> **Exercise directions**: Please transcribe every record below exactly, leaving out the pictures.

Start of Block

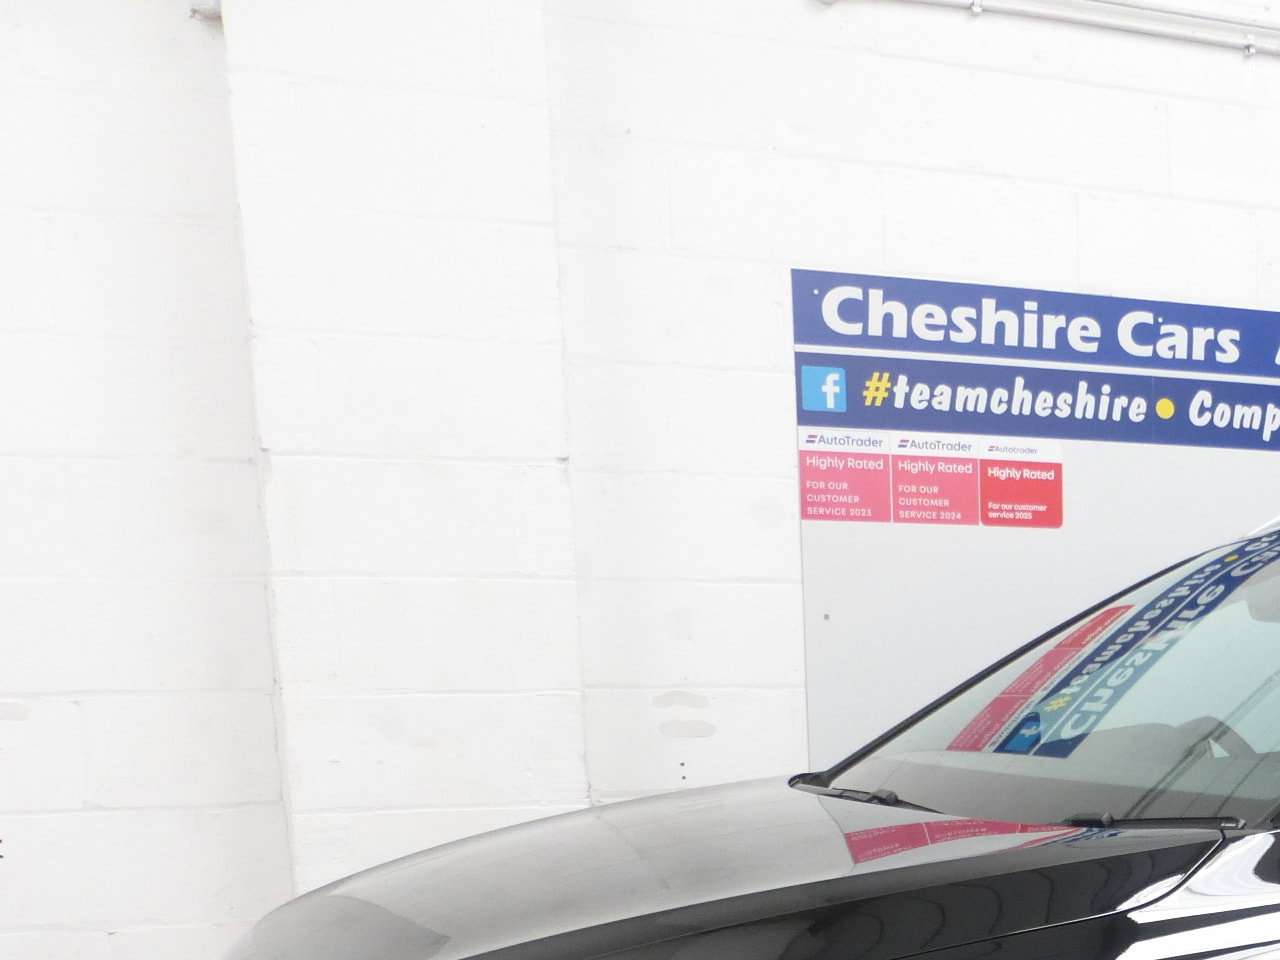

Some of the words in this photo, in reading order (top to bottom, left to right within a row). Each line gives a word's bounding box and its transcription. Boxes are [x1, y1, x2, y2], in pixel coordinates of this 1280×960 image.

[821, 286, 1101, 352] Cheshire
[1117, 311, 1241, 363] Cars
[862, 372, 1147, 423] #teamcheshire
[817, 435, 884, 447] AutoTrader
[909, 439, 973, 451] AutoTrader
[806, 455, 845, 470] Highly
[847, 457, 884, 470] Rated
[898, 460, 935, 474] Highly
[938, 462, 973, 474] Rated
[987, 467, 1021, 480] Highly
[1023, 469, 1055, 480] Rated
[806, 481, 825, 489] FOR
[827, 482, 849, 490] OUR
[898, 485, 917, 493] FOR
[920, 486, 939, 494] OUR
[806, 494, 860, 503] CUSTOMER
[899, 498, 950, 507] CUSTOMER
[807, 507, 846, 516] SERVICE
[988, 502, 1000, 510] For
[1013, 503, 1047, 511] customer
[899, 510, 937, 519] SERVICE
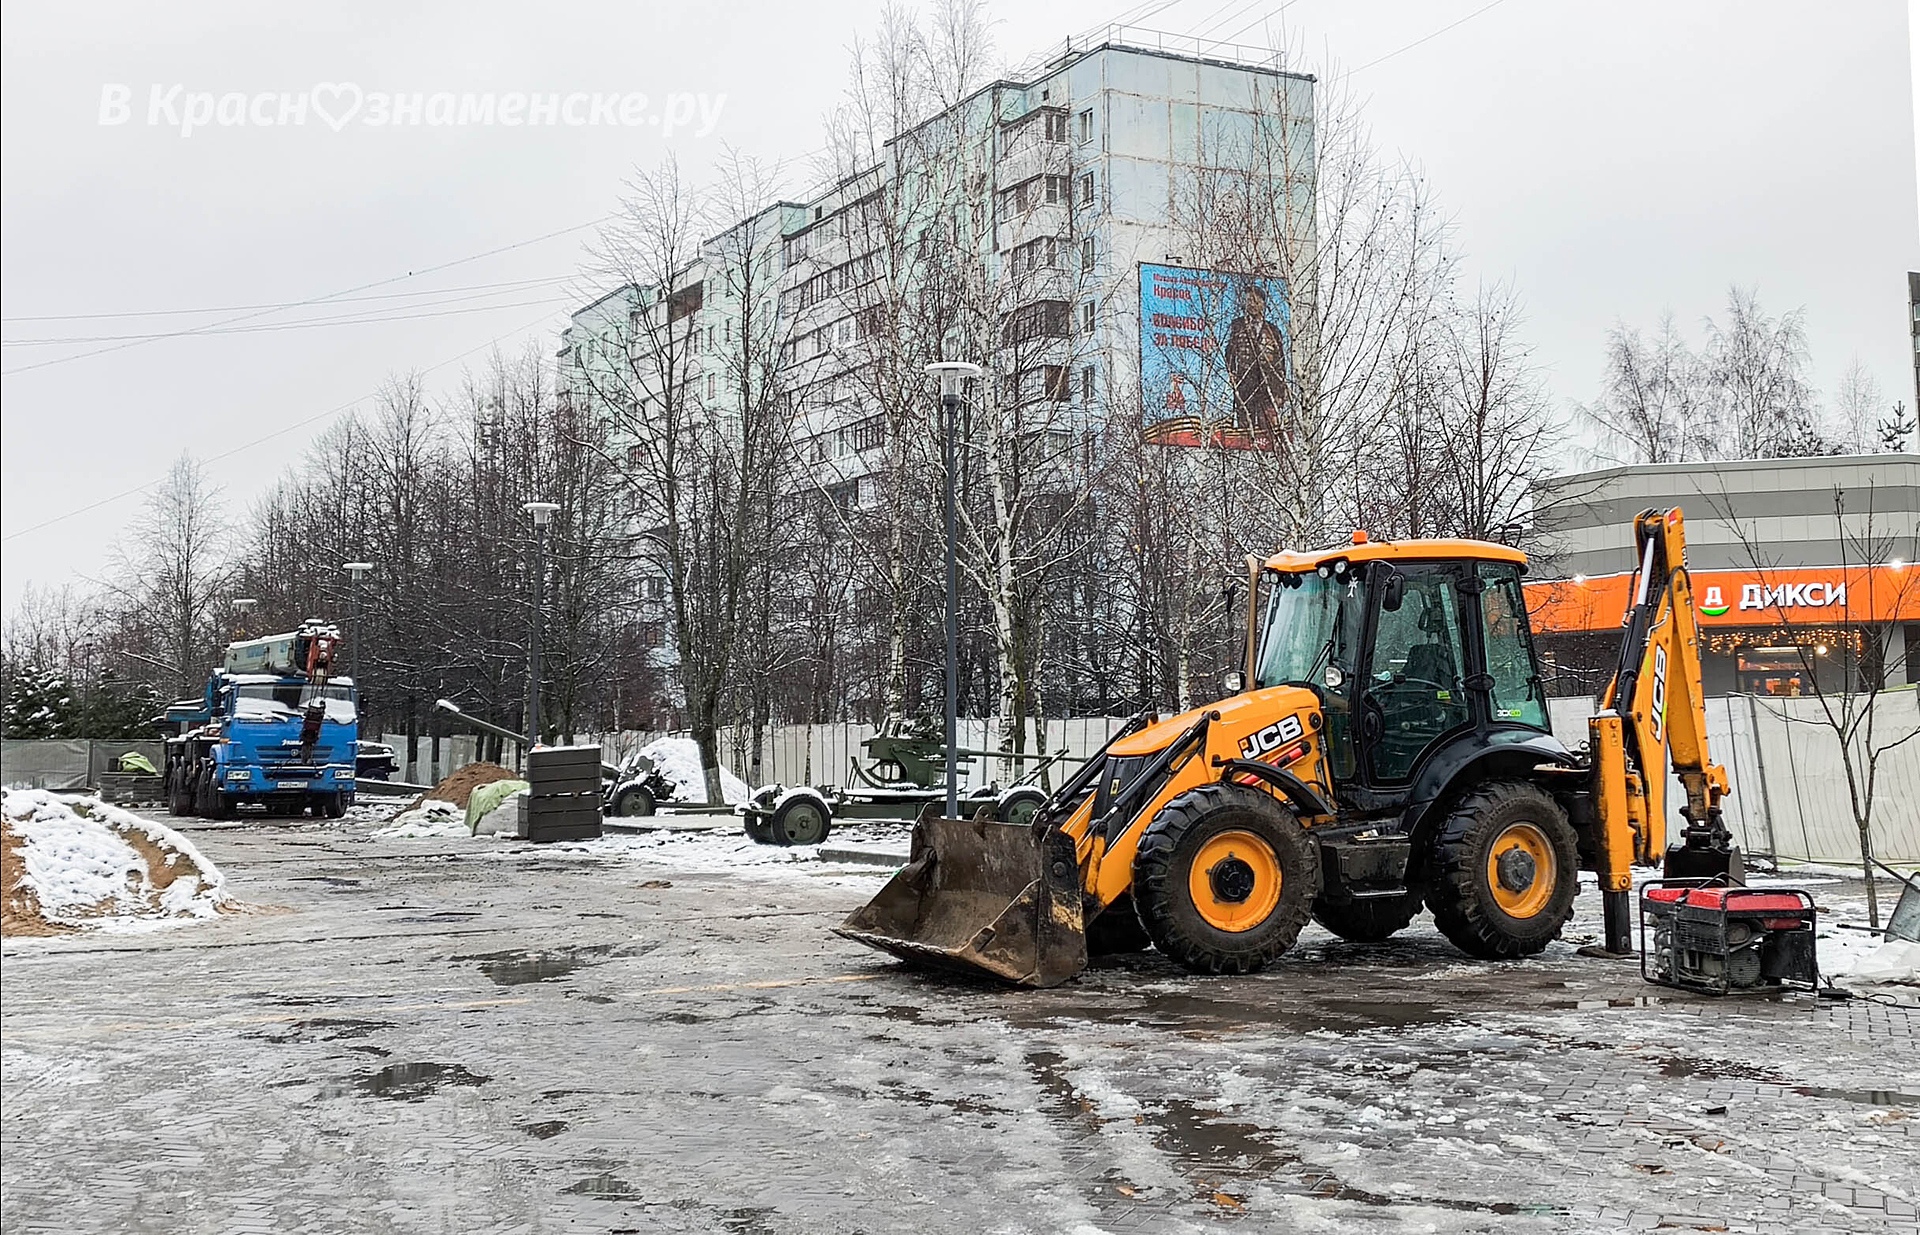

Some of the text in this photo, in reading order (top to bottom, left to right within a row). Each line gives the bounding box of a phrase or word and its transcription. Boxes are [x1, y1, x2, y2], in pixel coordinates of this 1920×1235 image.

[1154, 332, 1168, 348] ЗА
[1739, 582, 1847, 610] ДИКСИ
[1651, 644, 1667, 741] JCB
[1242, 715, 1302, 760] JCB

End of Block

> **Your solution**:
Some of the words in this photo, in reading order (top to bottom, left to right within a row). Each line gives a word's bounding box and its transcription. Boxes are [x1, y1, x2, y2], in pixel coordinates of this 1280×960 image.

[821, 286, 1101, 352] Cheshire
[1117, 311, 1241, 363] Cars
[862, 372, 1147, 423] #teamcheshire
[817, 435, 884, 447] AutoTrader
[909, 439, 973, 451] AutoTrader
[806, 455, 845, 470] Highly
[847, 457, 884, 470] Rated
[898, 460, 935, 474] Highly
[938, 462, 973, 474] Rated
[987, 467, 1021, 480] Highly
[1023, 469, 1055, 480] Rated
[806, 481, 825, 489] FOR
[827, 482, 849, 490] OUR
[898, 485, 917, 493] FOR
[920, 486, 939, 494] OUR
[806, 494, 860, 503] CUSTOMER
[899, 498, 950, 507] CUSTOMER
[807, 507, 846, 516] SERVICE
[988, 502, 1000, 510] For
[1013, 503, 1047, 511] customer
[899, 510, 937, 519] SERVICE

Some of the text in this photo, in reading order (top to bottom, left to right within a row). Each line gives the bounding box of a phrase or word and its transcription. Boxes are [x1, y1, x2, y2], in pixel coordinates of this 1920×1235 image.

[1154, 332, 1168, 348] ЗА
[1739, 582, 1847, 610] ДИКСИ
[1651, 644, 1667, 741] JCB
[1242, 715, 1302, 760] JCB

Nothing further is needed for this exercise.